» **Aim of the exercise**
Everything in the listing below has to be repeated exactly, except the pictures.

■ ■ ■ ■ ■ ■ ■

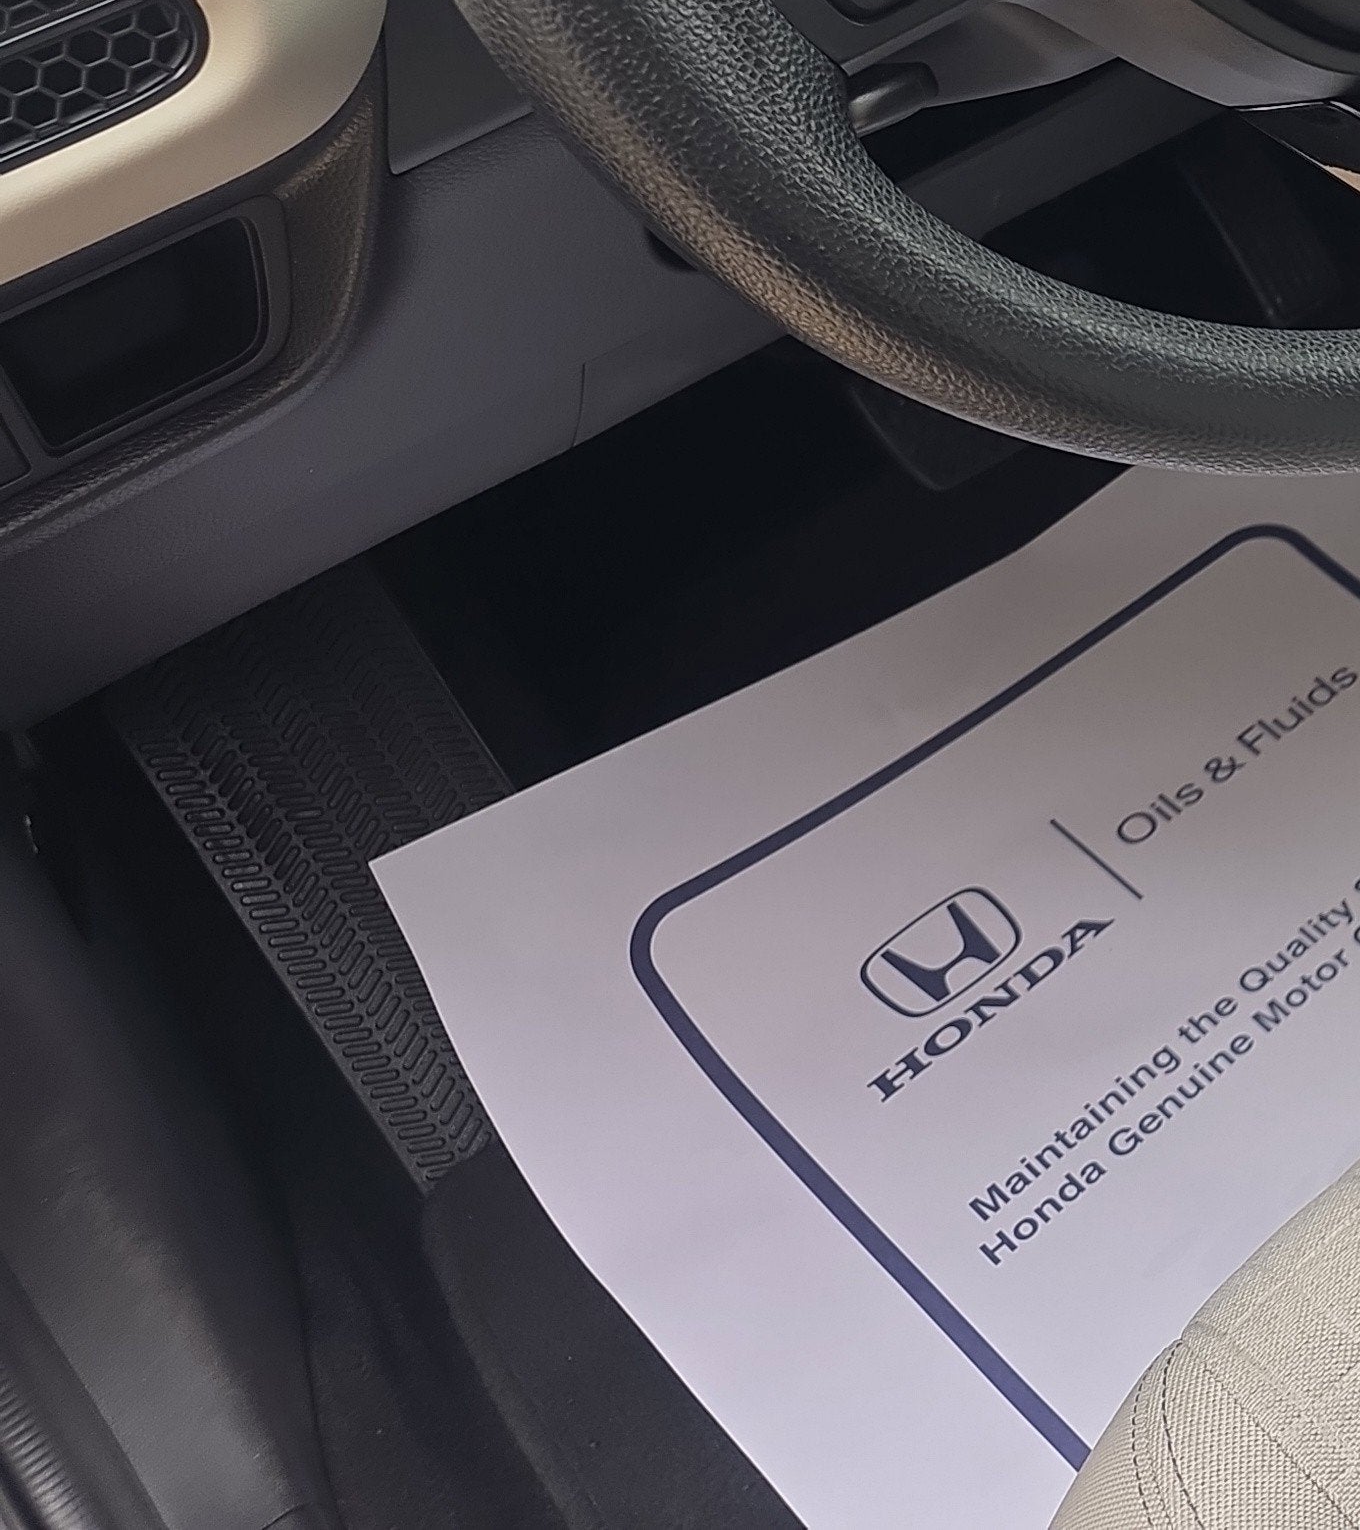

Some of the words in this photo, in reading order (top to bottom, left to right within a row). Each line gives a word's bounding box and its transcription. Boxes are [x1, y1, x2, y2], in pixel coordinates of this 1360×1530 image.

[1115, 780, 1206, 847] Oils
[1203, 755, 1246, 786] &
[1236, 663, 1360, 760] Fluids
[867, 916, 1116, 1103] HONDA
[968, 1044, 1183, 1222] Maintaining
[1177, 992, 1240, 1045] the
[1238, 900, 1356, 994] Quality
[978, 1158, 1109, 1268] Honda
[1107, 1030, 1256, 1158] Genuine
[1252, 948, 1352, 1034] Motor

■ ■ ■ ■ ■ ■ ■

» **Reply**
Some of the words in this photo, in reading order (top to bottom, left to right within a row). Each line gives a word's bounding box and its transcription. Boxes are [x1, y1, x2, y2], in pixel coordinates of this 1360×1530 image.

[1115, 780, 1206, 847] Oils
[1203, 755, 1246, 786] &
[1236, 663, 1360, 760] Fluids
[867, 916, 1116, 1103] HONDA
[968, 1044, 1183, 1222] Maintaining
[1177, 992, 1240, 1045] the
[1238, 900, 1356, 994] Quality
[978, 1158, 1109, 1268] Honda
[1107, 1030, 1256, 1158] Genuine
[1252, 948, 1352, 1034] Motor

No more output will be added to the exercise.